Dalam Angka 3 huruf c SE-145/PJ/2010 diatur bahwa:
Penyerahan jasa perdagangan dikenai Pajak Pertambahan Nilai dalam hal penyerahan jasa perdagangan dilakukan di dalam Daerah Pabean, dengan kondisi-kondisi sebagai berikut:
c. pengusaha jasa perdagangan dan pembeli barang berada di dalam Daerah Pabean, sedangkan penjual barang selaku penerima jasa perdagangan berada di luar Daerah Pabean;

Dengan demikian, sesuai kasus yang dikemukakan dan berdasarkan SE-145/PJ/2010, penyerahan Jasa Perdagangan tersebut dikenai PPN.

Catatan:
Sesuai Angka 6 SE-145/PJ/2010:
Surat Edaran Direktur Jenderal Pajak dan surat-surat penegasan yang bertentangan dengan substansi ketentuan yang ditegaskan dalam Surat Edaran Direktur Jenderal Pajak ini [SE-08/PJ.52/1996] dicabut dan dinyatakan tidak berlaku.

Referensi:
SE-08/PJ.52/1996 tentang PPN atas Jasa Perdagangan
SE-145/PJ/2010 Tentang Perlakuan Pajak Pertambahan Nilai Atas Jasa Perdagangan
Moderator

16 Nov 2017 | 23:29


Penyerahan jasa di atas dapat dikategorikan sebagai objek PPN sebagaimana diatur pada Pasal 4 ayat 1 huruf c UU PPN, yaitu:
penyerahan Jasa Kena Pajak di dalam Daerah Pabean yang dilakukan oleh pengusaha.

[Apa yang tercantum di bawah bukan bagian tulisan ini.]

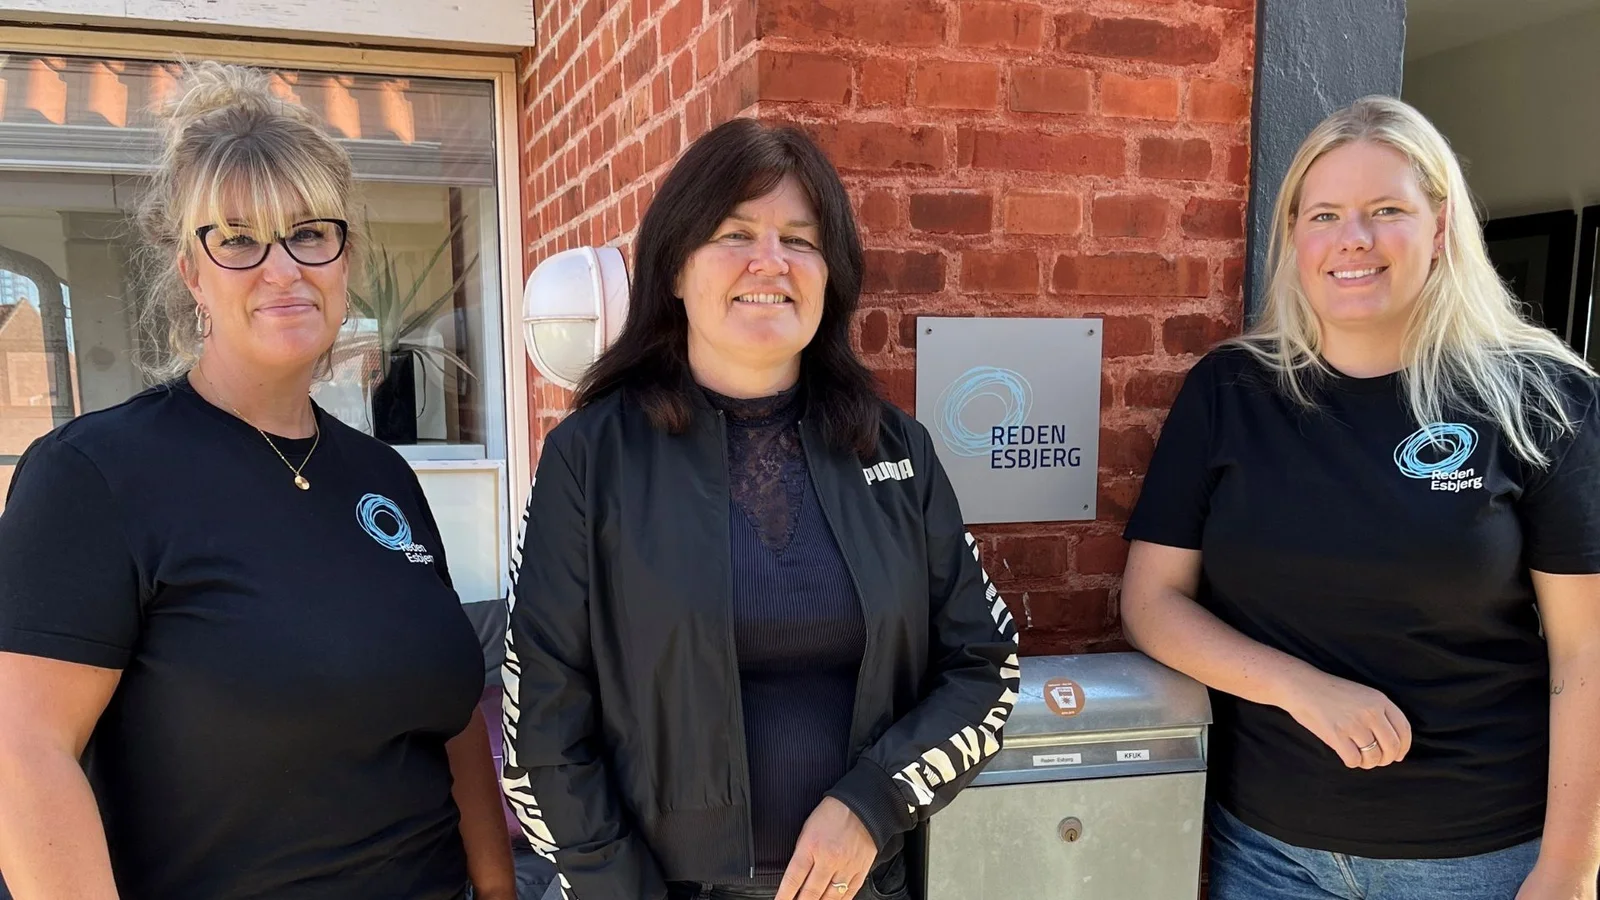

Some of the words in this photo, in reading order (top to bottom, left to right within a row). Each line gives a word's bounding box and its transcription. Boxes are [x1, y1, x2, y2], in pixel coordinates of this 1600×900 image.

[991, 424, 1066, 446] REDEN
[990, 447, 1081, 470] ESBJERG
[862, 458, 915, 486] PUMA
[1431, 467, 1475, 480] Reden
[1430, 476, 1483, 493] Esbjerg
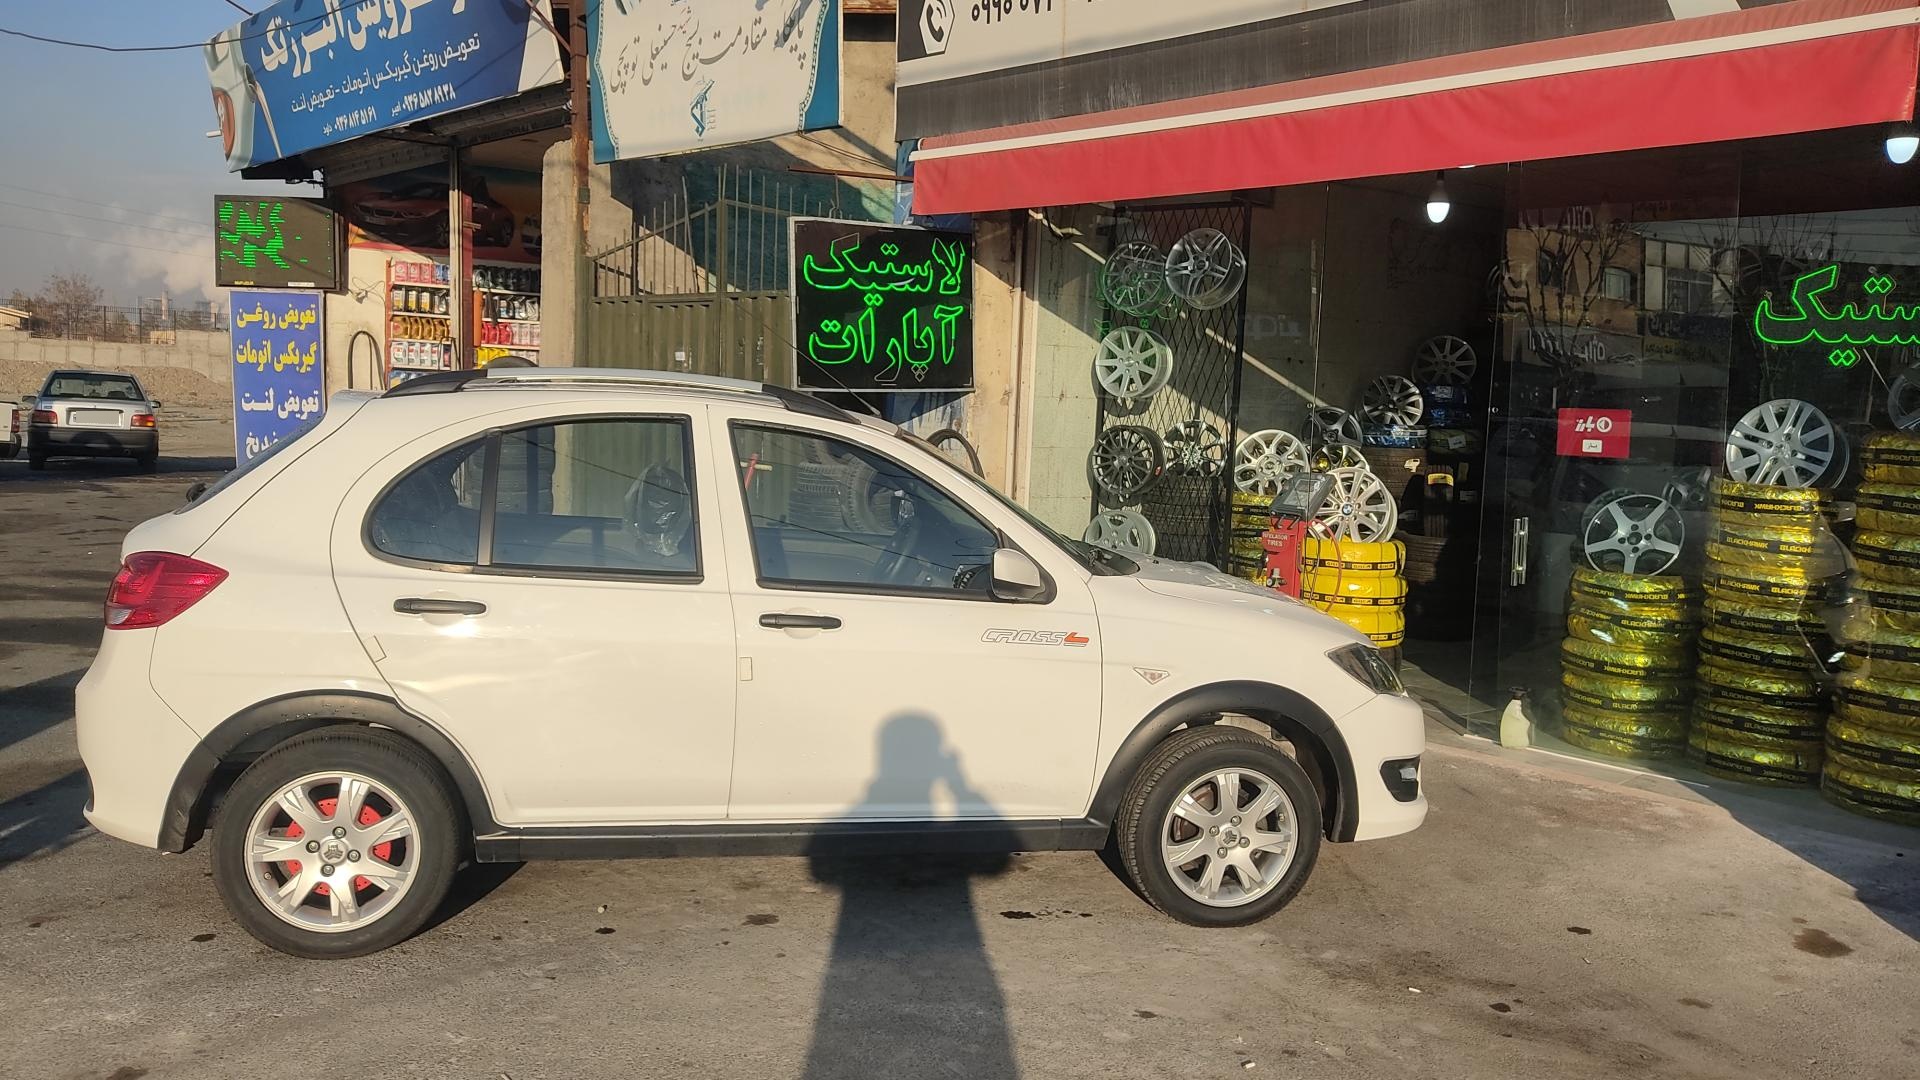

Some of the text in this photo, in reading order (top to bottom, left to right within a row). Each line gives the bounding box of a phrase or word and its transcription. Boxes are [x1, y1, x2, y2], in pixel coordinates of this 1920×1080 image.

[348, 0, 433, 50] رویس
[412, 49, 440, 76] روغن
[441, 32, 481, 67] تعویض
[342, 68, 371, 96] اتومات
[372, 50, 411, 89] گیربکس
[291, 93, 306, 113] لنت
[307, 84, 335, 112] تعویض
[803, 232, 966, 306] لاستیک
[236, 302, 316, 331] تعویض روغن
[236, 339, 317, 374] گیربکس اتومات
[808, 304, 965, 382] آپارات
[241, 386, 319, 420] تعویض لنت
[1726, 536, 1768, 549] BLACKHAWK
[1720, 578, 1760, 591] BLACKHAWK
[980, 628, 1068, 646] CROSS

Sesuai dengan Pasal 13 ayat (1) UU PPN:

Pengusaha Kena Pajak wajib membuat Faktur Pajak untuk setiap penyerahan Barang Kena Pajak sebagaimana dimaksud dalam Pasal 4
huruf a atau huruf f dan se ap penyerahan Jasa Kena Pajak sebagaimana dimaksud dalam Pasal 4 huruf c.

 
Dengan demikian, jelas Pengusaha Jasa Perdagangan tersebut wajib menerbitkan Faktur Pajak.

Referensi:

Undang-Undang Nomor 8 Tahun 1983 Tentang Pajak Pertambahan Nilai Barang Dan Jasa Dan Pajak Penjualan Atas Barang Mewah Sebagaimana Telah Beberapa Kali Diubah Terakhir Dengan Undang-Undang Nomor 18 Tahun 2000
Suprianto

16 Nov 2017 | 09:54


Dear Moderator,


Dalam hal ini yang terutang PPN adalah PT. A, PT. A menerbitkan Faktur Pajak dengan lawan transaksi PT. I?